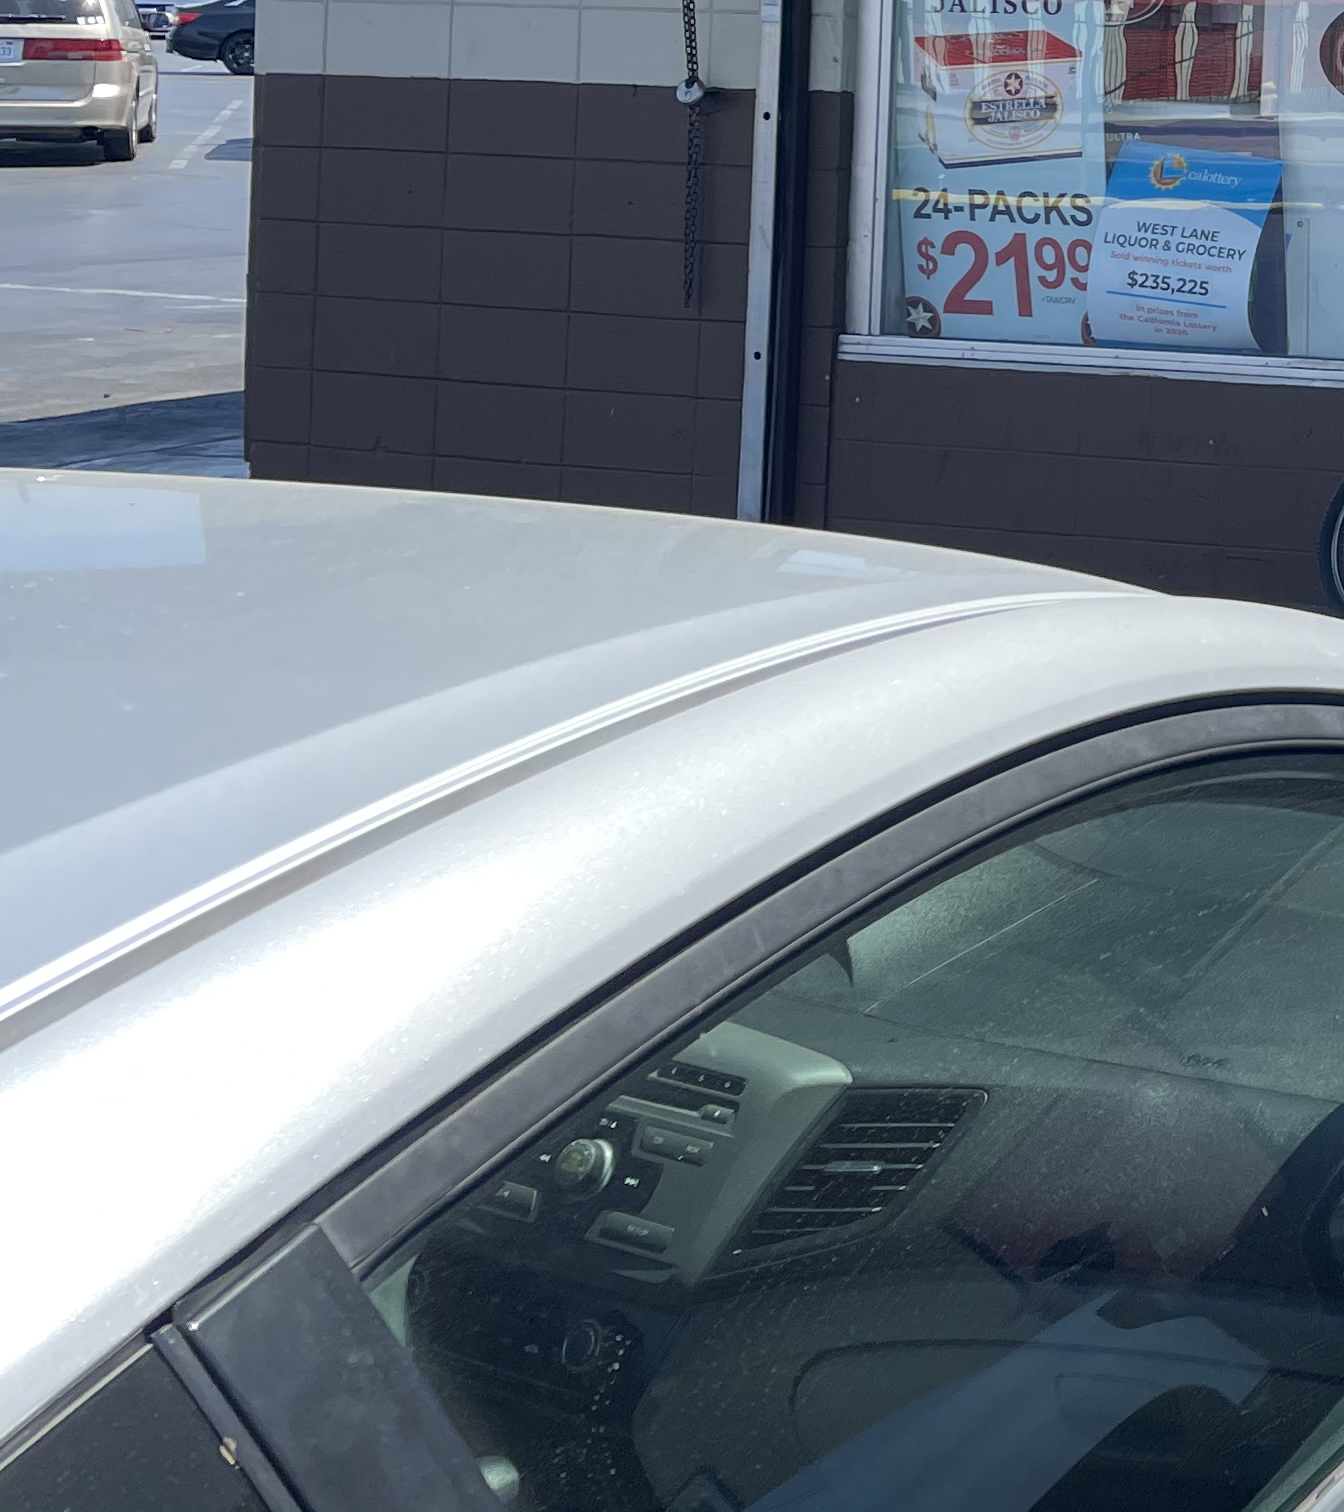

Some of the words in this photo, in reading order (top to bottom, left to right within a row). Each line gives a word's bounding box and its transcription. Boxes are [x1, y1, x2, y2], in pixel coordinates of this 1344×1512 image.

[981, 98, 1047, 114] ESTRELLA
[988, 108, 1041, 123] JALISCO
[1188, 169, 1243, 189] calottery
[912, 186, 1094, 227] 24-PACKS
[1136, 220, 1179, 238] WEST
[1180, 226, 1221, 242] LANE
[1103, 231, 1160, 251] LIQUOR
[1162, 240, 1172, 252] &
[1175, 241, 1247, 262] GROCERY
[1111, 250, 1131, 260] Sold
[1132, 253, 1170, 267] winning
[1171, 257, 1203, 270] tickets
[1204, 262, 1233, 274] worth
[1127, 269, 1210, 297] $235,225
[1146, 305, 1175, 317] prizes
[1176, 309, 1199, 319] from
[1136, 314, 1181, 327] California
[1183, 321, 1218, 332] Lottery
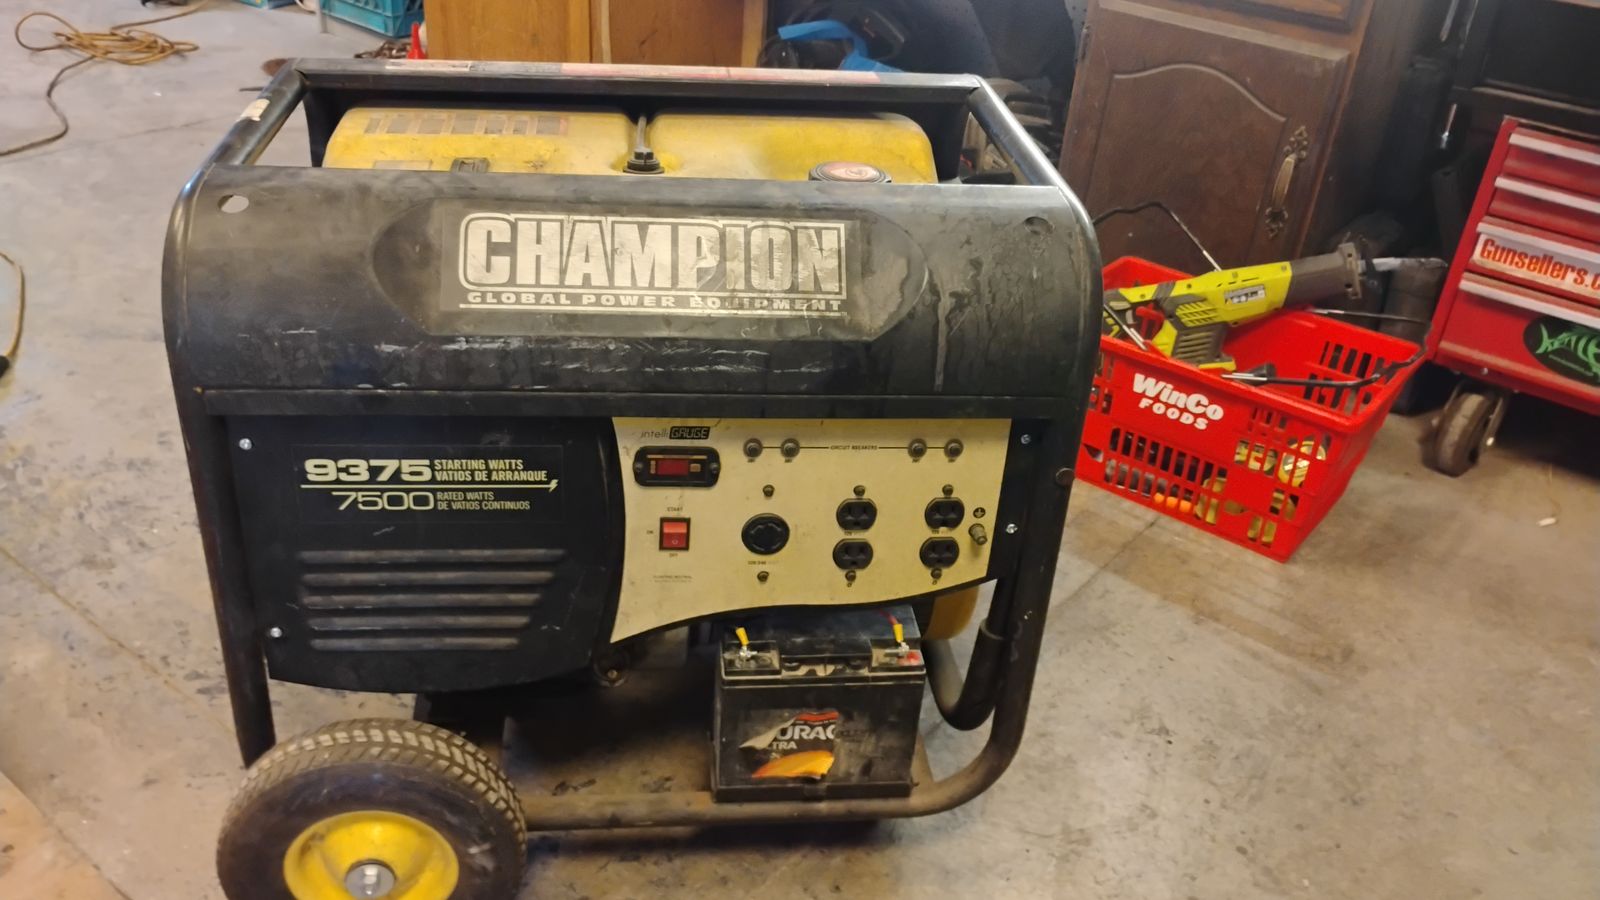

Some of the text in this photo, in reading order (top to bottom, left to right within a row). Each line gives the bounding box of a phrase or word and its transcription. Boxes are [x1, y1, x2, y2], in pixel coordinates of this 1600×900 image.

[465, 217, 840, 292] CHAMPION
[467, 291, 841, 311] GLOBAL POWER EQUIPMENT
[1133, 373, 1224, 420] WinCo
[1138, 397, 1209, 430] FOODS
[304, 459, 524, 482] 9375 STARTING WATTS
[434, 470, 548, 482] VATIOS DE ARRANQUE
[331, 491, 495, 511] 7500 RATED WATTS
[437, 500, 531, 510] DE VATIOS CONTINUOS
[768, 741, 797, 750] TRA

------------------------------

PROBLEM TO SOLVE - Starting from the line that contains "Some of the text", reproduce each line of the data exactly through the last one.

THE COMPLETED TASK -
Some of the text in this photo, in reading order (top to bottom, left to right within a row). Each line gives the bounding box of a phrase or word and its transcription. Boxes are [x1, y1, x2, y2], in pixel coordinates of this 1600×900 image.

[465, 217, 840, 292] CHAMPION
[467, 291, 841, 311] GLOBAL POWER EQUIPMENT
[1133, 373, 1224, 420] WinCo
[1138, 397, 1209, 430] FOODS
[304, 459, 524, 482] 9375 STARTING WATTS
[434, 470, 548, 482] VATIOS DE ARRANQUE
[331, 491, 495, 511] 7500 RATED WATTS
[437, 500, 531, 510] DE VATIOS CONTINUOS
[768, 741, 797, 750] TRA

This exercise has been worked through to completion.